Apart from their assigned mod courses, 1L students may only enroll in courses offered as 1L electives. A complete list of these courses can be found on the 1L Elective Listings page. 1L students must use the 1L class number listed on the course description when enrolling.
207.5 sec. 004 - Advanced Legal Writing (Spring 2022)
Instructor: Natalie Winters (view instructor's teaching evaluations - degree students only)
View all teaching evaluations for this course - degree students only
Grading Designation: Graded
Mode of Instruction: In-Person
Th 08:00 AM - 09:50 AM
Location: Law 107
From January 13, 2022
To April 22, 2022
Course End: April 22, 2022
Class Number: 32072
Enroll Limit: 12
As of: 07/19 11:58 AM
This is a written advocacy class with a focus on building and honing fundamental skills through the lens of a criminal law fact pattern. Writing assignments may involve initial drafts, instructor feedback, peer review, and final revisions. We will also discuss research skills. There is no oral argument component to grading.

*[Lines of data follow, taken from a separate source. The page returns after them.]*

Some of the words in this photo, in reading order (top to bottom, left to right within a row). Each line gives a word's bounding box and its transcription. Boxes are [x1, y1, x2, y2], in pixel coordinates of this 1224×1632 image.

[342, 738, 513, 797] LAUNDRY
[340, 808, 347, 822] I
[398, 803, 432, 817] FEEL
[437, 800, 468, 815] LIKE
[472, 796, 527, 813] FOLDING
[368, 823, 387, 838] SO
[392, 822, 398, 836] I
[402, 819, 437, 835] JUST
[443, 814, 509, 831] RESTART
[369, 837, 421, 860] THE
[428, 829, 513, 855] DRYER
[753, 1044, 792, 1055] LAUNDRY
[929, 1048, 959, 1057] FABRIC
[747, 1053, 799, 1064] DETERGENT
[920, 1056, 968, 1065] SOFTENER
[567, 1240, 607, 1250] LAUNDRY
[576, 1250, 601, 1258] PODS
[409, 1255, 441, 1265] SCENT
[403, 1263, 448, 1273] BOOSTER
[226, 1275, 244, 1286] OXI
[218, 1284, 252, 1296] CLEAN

This course takes a hands-on approach by assigning all students to a new (hypothetical) criminal case as either the prosecution or the defense attorney -- your choice. Throughout the course of the semester, you will learn how great written advocacy can influence that case in many ways. We will build upon the foundational research and writing courses you took as a 1L. Whether you plan to enter a career in criminal law or not, this course will help you become a more confident, direct, and persuasive writer.
The instructor, Natalie Winters, also serves as the Director of Berkeley Law's Advocacy Competitions Program. She previously worked as an attorney at the Colorado State Public Defender's Office handling misdemeanor and felony caseloads where she litigated over twenty jury trials, wrote appellate briefs, and supervised student interns.

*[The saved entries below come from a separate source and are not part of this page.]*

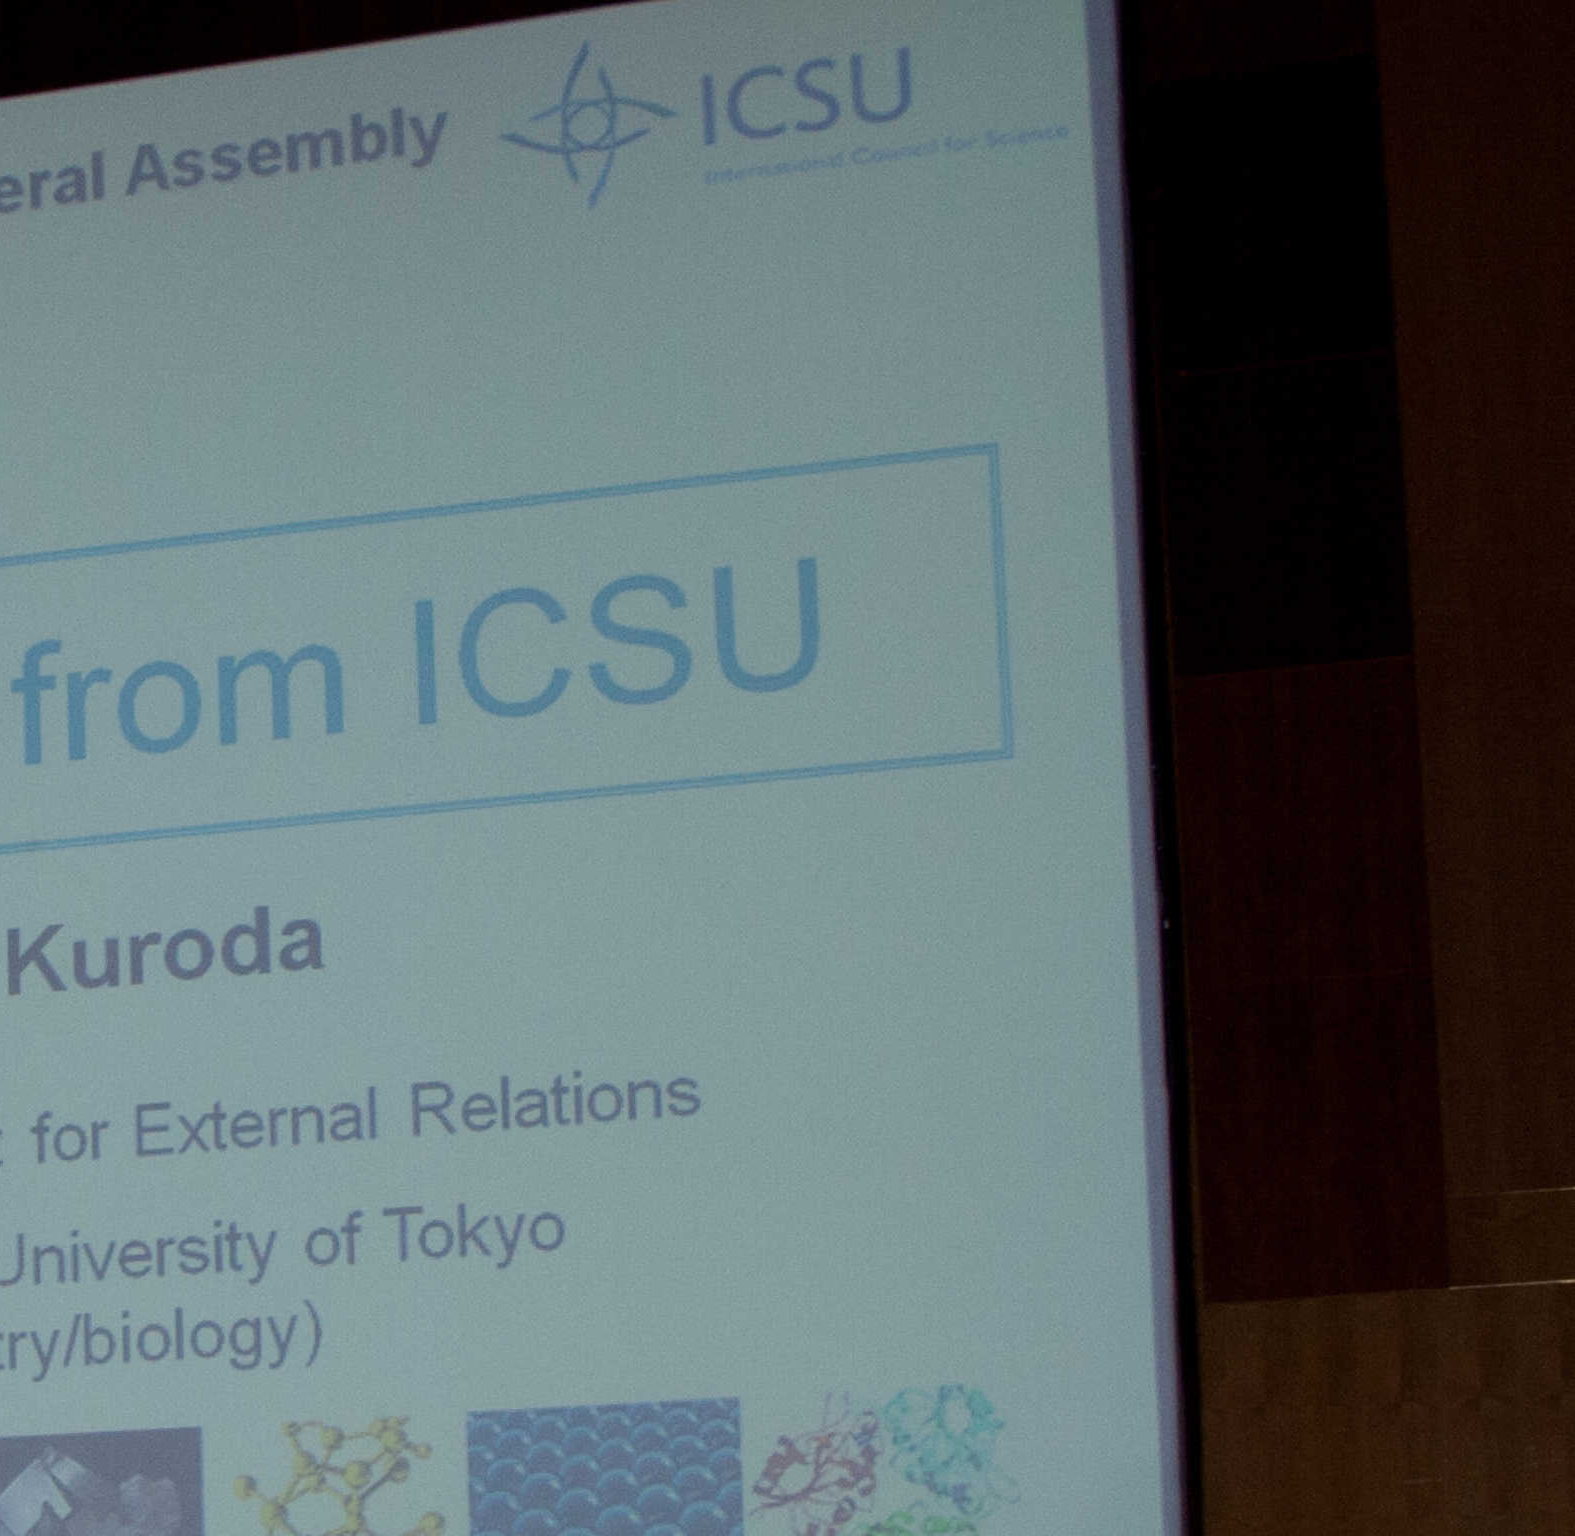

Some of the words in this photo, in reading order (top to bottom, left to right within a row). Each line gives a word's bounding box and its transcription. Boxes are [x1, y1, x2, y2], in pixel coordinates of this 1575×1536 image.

[701, 46, 914, 146] ICSU
[124, 106, 448, 199] Assembly
[11, 639, 345, 766] from
[415, 556, 823, 725] ICSU
[6, 904, 324, 996] Kuroda
[30, 1111, 110, 1164] for
[135, 1086, 378, 1158] External
[412, 1071, 701, 1137] Relations
[305, 1209, 363, 1268] of
[383, 1202, 565, 1270] Tokyo

Legal Research and Writing 202.1A (or its JD equivalent) and Written and Oral Advocacy 202.1B (or its JD equivalent).
This class may be counted as either an Option 1 class (two Option 1 classes satisfy the J.D. writing requirement) or units from this class may count toward the J.D. Experiential Requirement. This class may count for both requirements if and only if a student is electing Option 1 and the student's other Option 1 class being used to satisfy the J.D. writing requirement is not being counted towards any other requirement.